第二节3H-TdR掺入法与MTT比色法

第二节　³H-TdR掺入法与MTT比色法

　　Cutbert等发现缺乏内源性和外源性胆固醇时，培养于仅含微量LDL营养液中的人外围血淋巴细胞，其生长和增生均依赖与细胞膜表面LDL-R的存在，根据一原理建立了³H-TdR（³H-thymidine,³H-胸腺嘧啶）掺入法检测人淋巴细胞LDL-R的活性。杨建新等改进了本法，减少用血量，但是未能避免使用同位素，简述止法。

　　检测原理：细胞分裂增殖所需的大量胆固醇主要通过内源性胆固醇合成，以及加速细胞膜LDL-R介导的特异性结合，摄取血LDL中的外源性胆固醇而获得，当用mevinolin(胆固醇合成的限速酶HMG-CoA还原酶的抑制剂)阻断细胞内源性胆固醇的合成，并使细胞外环境中LDL浓度降低至无非特异性外源胆固醇摄取时，细胞分裂生长完全取决与细胞膜表面LDL-R活性，掺入³H-TdR量与细胞生长成正比例关系。

　　实验方法：采空腹静脉血5～6ml，肝素抗凝，测血浆血脂，并分离出淋巴细胞；将细胞分成实验组（加含mevinolin的二甲亚矾）和对照组（加不含mevinolin的二甲亚矾），在同样条件下（50μg/mlPHA，5μg/mlLDL-C，37℃，5%CO₂，饱和湿度）培养96h，分别加入0.5μCi³H-TdR，混匀后继续培养6h，收集细胞至玻璃纤维纸上测cpm值。

　　其计算公式为：

　　淋巴细胞分裂抑制率（%）=（1-Δcpm实验组/Δcpm对照组）×100%

　　采用本法正常淋巴细胞分裂抑制率＜20%；FH杂合子淋巴细胞分裂抑制率＞60%，故可将FH与正常人以及普通的高脂血症区别开来。

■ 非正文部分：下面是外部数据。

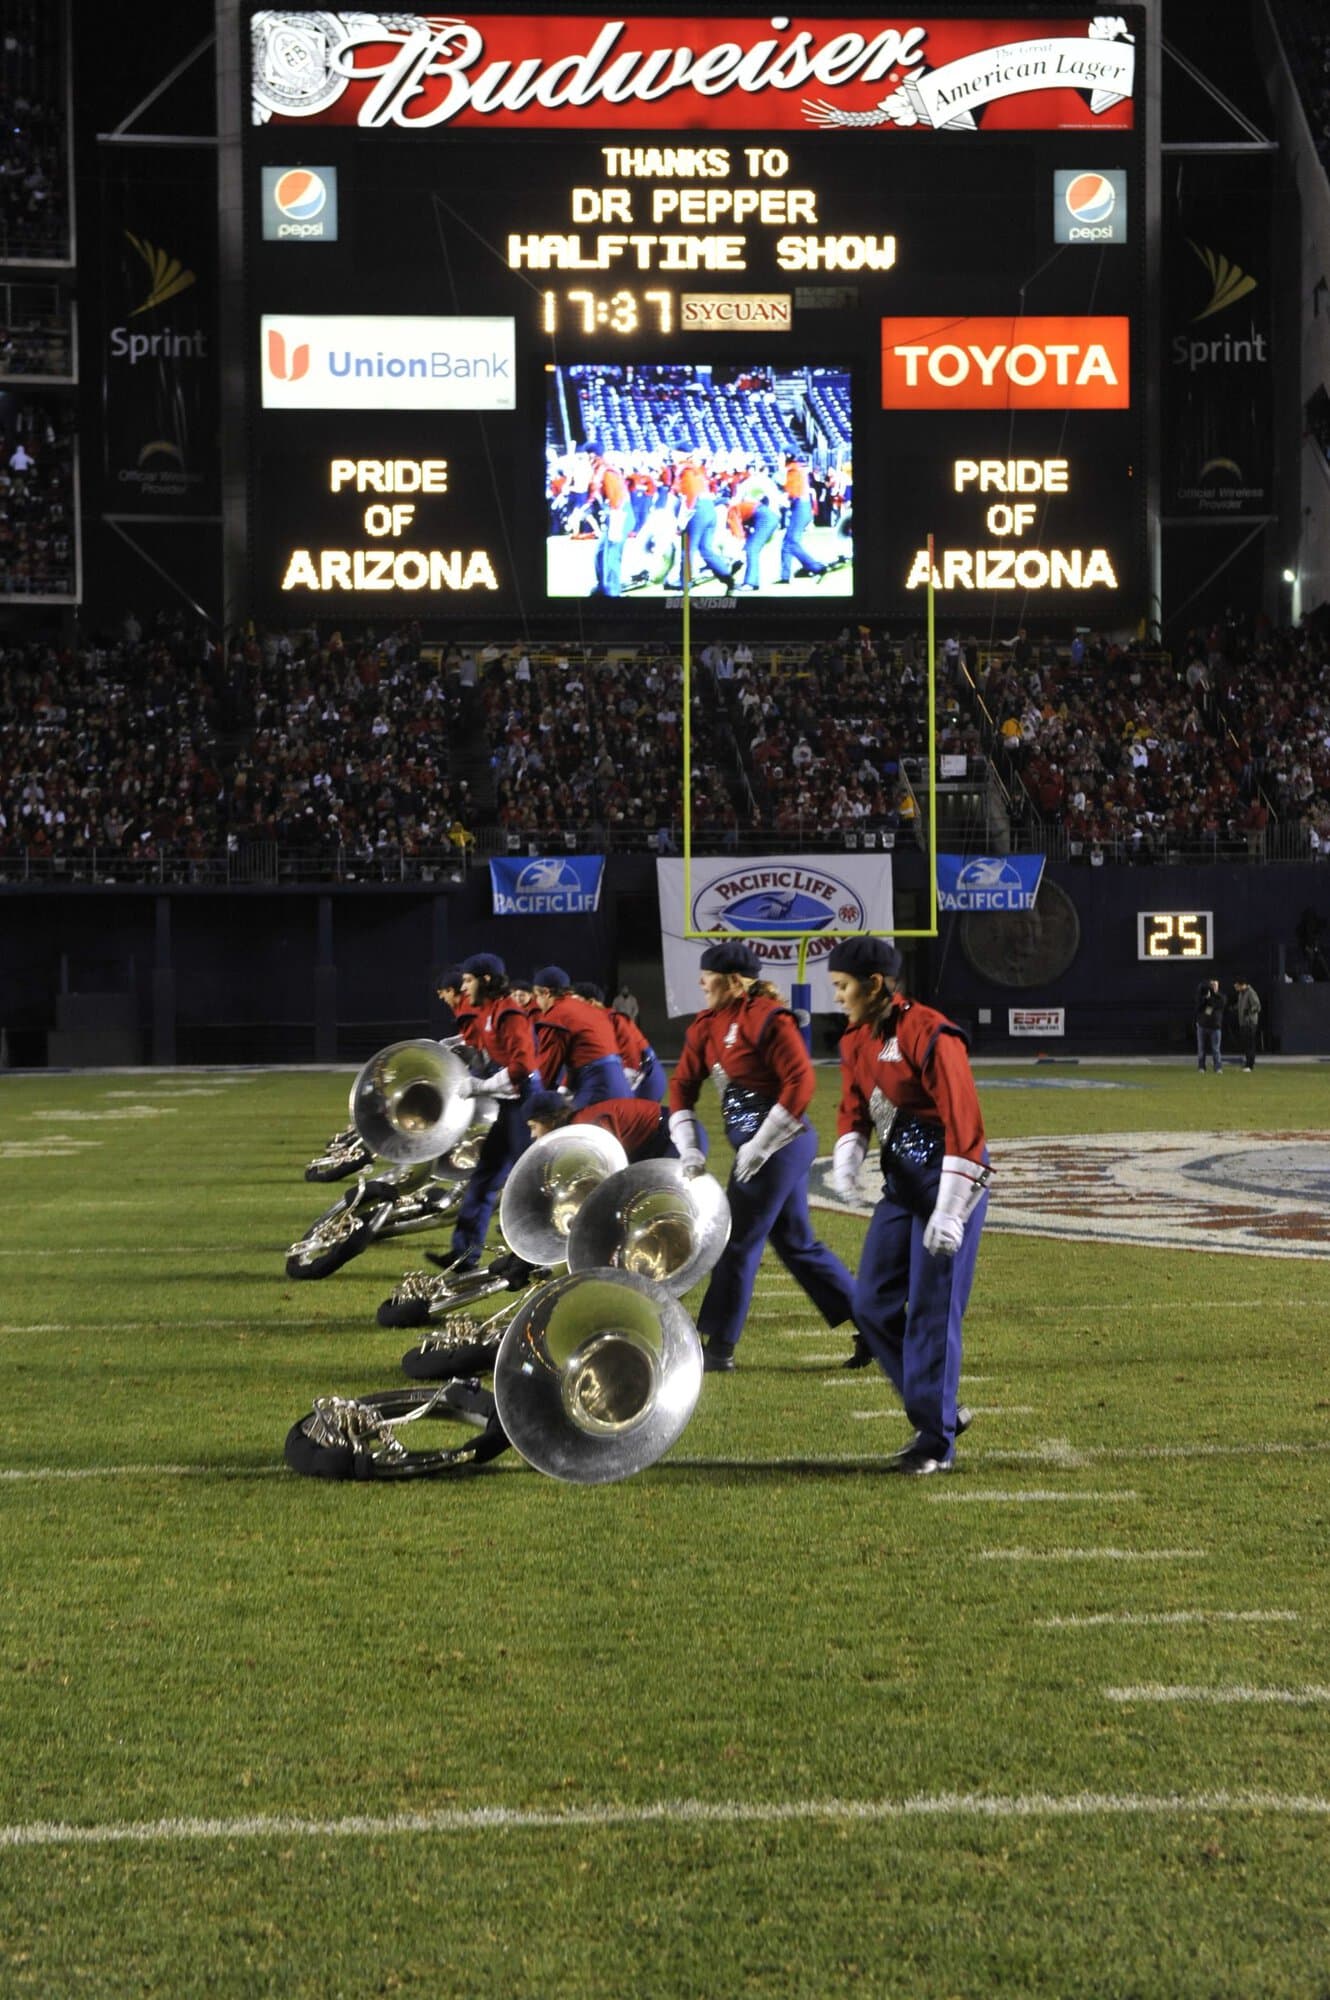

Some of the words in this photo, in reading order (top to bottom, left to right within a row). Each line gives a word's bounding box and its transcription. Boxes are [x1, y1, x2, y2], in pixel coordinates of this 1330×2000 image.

　　MTT比色法是孟凡青等根据³H-TdR掺入法为避免使用同位素而改用四甲基偶氮唑盐（MTT）建立的快速、方便的方法。MTT比色法仅需采空腹静脉血1～2ml，培养90h后，实验组和对照组分别加入MTT溶液（3mg/ml），再培养2h，抽吸上清，加0.04mol/HCL-异内醇，充分溶解，在酶标仪上测吸光度（A）值。详细操作流程见图20-2。

图20-2 MTT比色法检测LDL-R操作流程

　　细胞分裂抑制率计算公式为：

　　淋巴细胞分裂抑制率（%）=（1-ΔA实验组/ΔA对照组）×100%

　　正常人淋巴细胞分裂抑制率为0～18%；FH杂合子淋巴细胞分裂抑制率为21%～58%；FH纯合子淋巴细胞分裂抑制率为36%～60%。

　　经实验比较MTT比色法与经典的³H-TdR掺入法测定的结果基本相符，但是后者敏感性更强，可以一步将FH杂合子和FH纯合子区分开来。由于MTT比色法不需使用昂贵的仪器和同位素，用血量少，适合一般实验室及临床检验科室的临床诊断，可用于人群FH筛查，这对于减少杂合子之间的婚配，降低FH发病率有重要意义。